(Images for object localization)
============
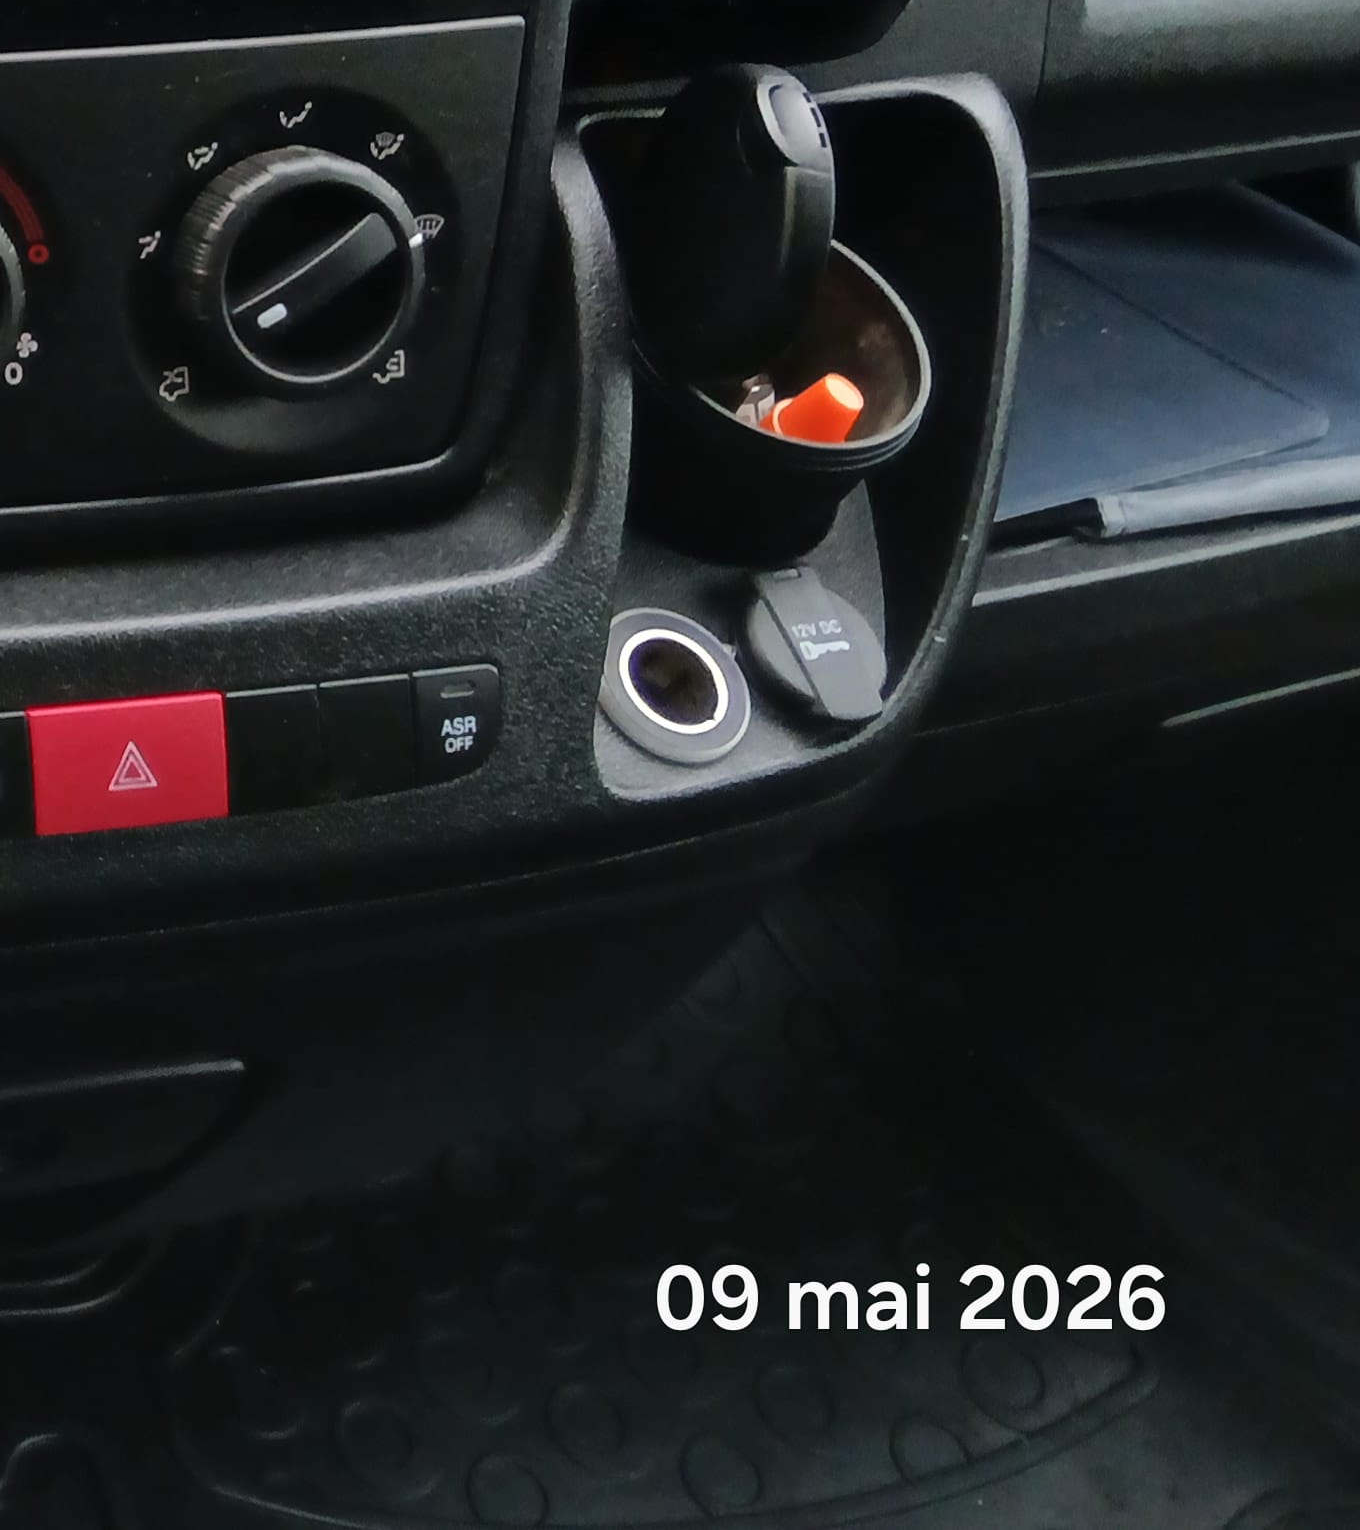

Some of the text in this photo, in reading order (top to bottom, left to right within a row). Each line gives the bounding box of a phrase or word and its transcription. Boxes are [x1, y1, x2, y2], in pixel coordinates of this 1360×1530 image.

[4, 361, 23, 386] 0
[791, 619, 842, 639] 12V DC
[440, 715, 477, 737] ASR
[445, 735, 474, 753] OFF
============
◆ TASK OBJECTIVE ◆
What you write should match the entries exactly, except that the pictures are dropped.

◆ RESULT OF THE TASK ◆
Some of the text in this photo, in reading order (top to bottom, left to right within a row). Each line gives the bounding box of a phrase or word and its transcription. Boxes are [x1, y1, x2, y2], in pixel coordinates of this 1360×1530 image.

[4, 361, 23, 386] 0
[791, 619, 842, 639] 12V DC
[440, 715, 477, 737] ASR
[445, 735, 474, 753] OFF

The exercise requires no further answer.